▶ _What you should do_: Output the entries exactly as they appear. Pictures should not be included.

▶ _Text-to-region grounding data_:
────

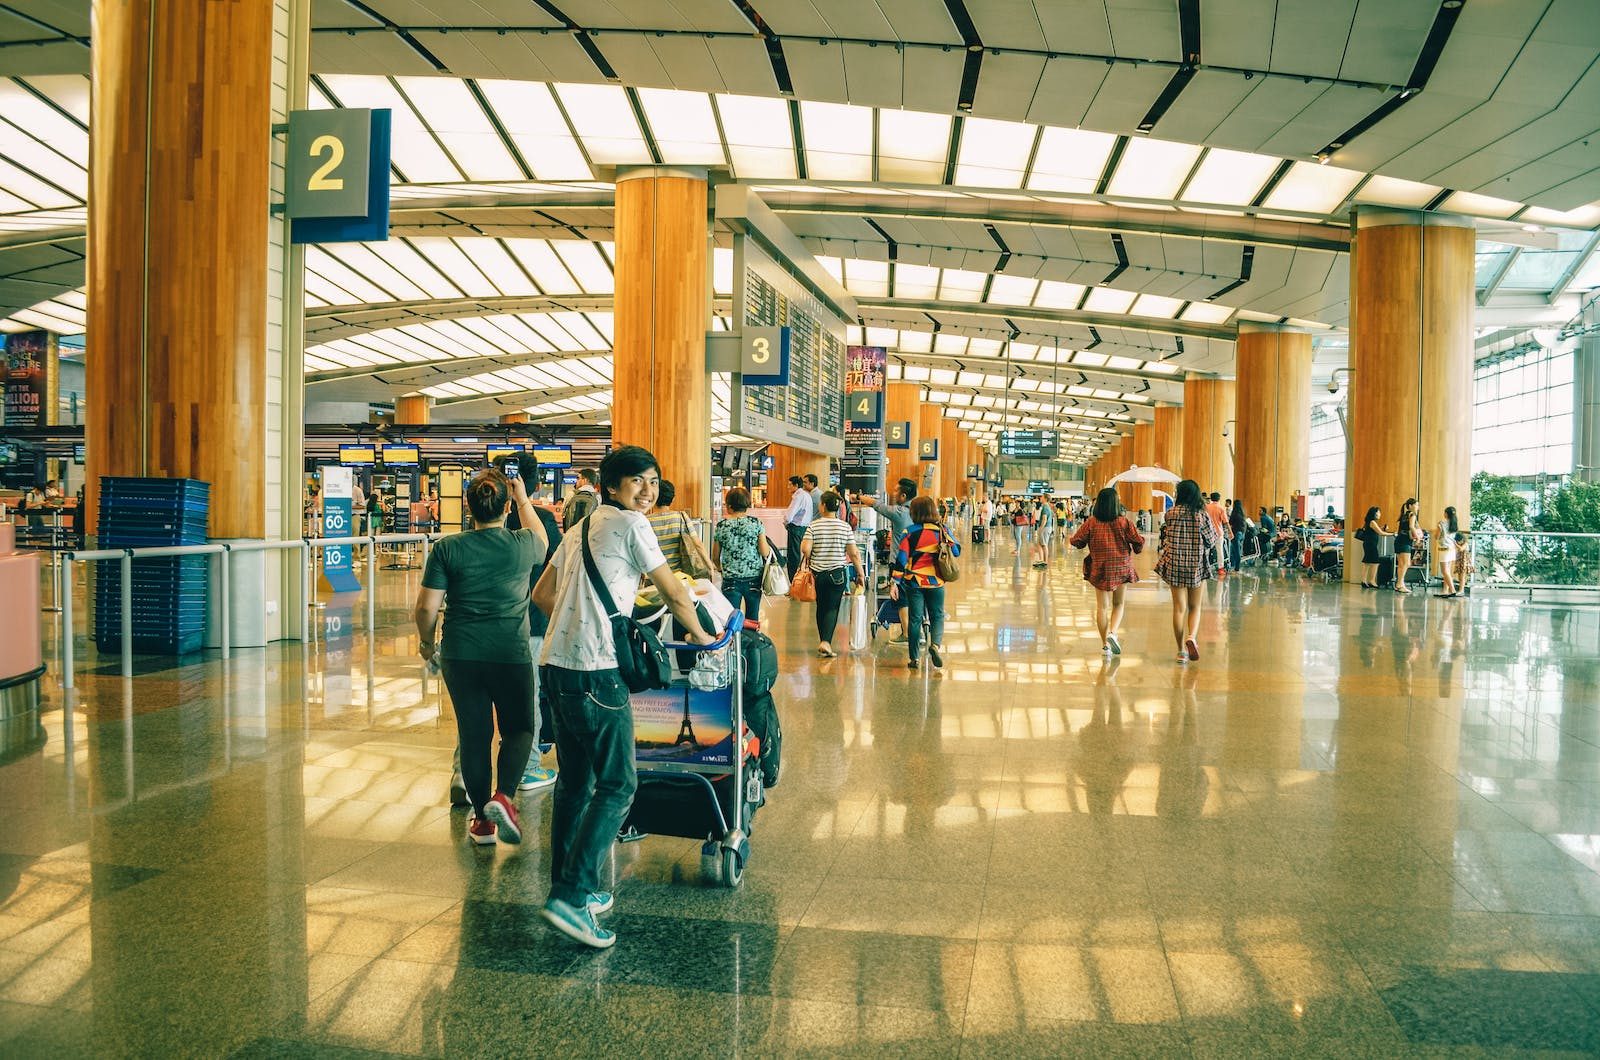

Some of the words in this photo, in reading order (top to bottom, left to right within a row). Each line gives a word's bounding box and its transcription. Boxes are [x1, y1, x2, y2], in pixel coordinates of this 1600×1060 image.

[308, 135, 345, 191] 2
[751, 337, 770, 364] 3
[857, 398, 870, 415] 4
[892, 426, 901, 440] 5
[923, 443, 931, 453] 6
[763, 457, 773, 468] 4
[326, 515, 343, 529] 60
[326, 551, 341, 565] 10

────

▶ _Task result_:
Some of the words in this photo, in reading order (top to bottom, left to right within a row). Each line gives a word's bounding box and its transcription. Boxes are [x1, y1, x2, y2], in pixel coordinates of this 1600×1060 image.

[308, 135, 345, 191] 2
[751, 337, 770, 364] 3
[857, 398, 870, 415] 4
[892, 426, 901, 440] 5
[923, 443, 931, 453] 6
[763, 457, 773, 468] 4
[326, 515, 343, 529] 60
[326, 551, 341, 565] 10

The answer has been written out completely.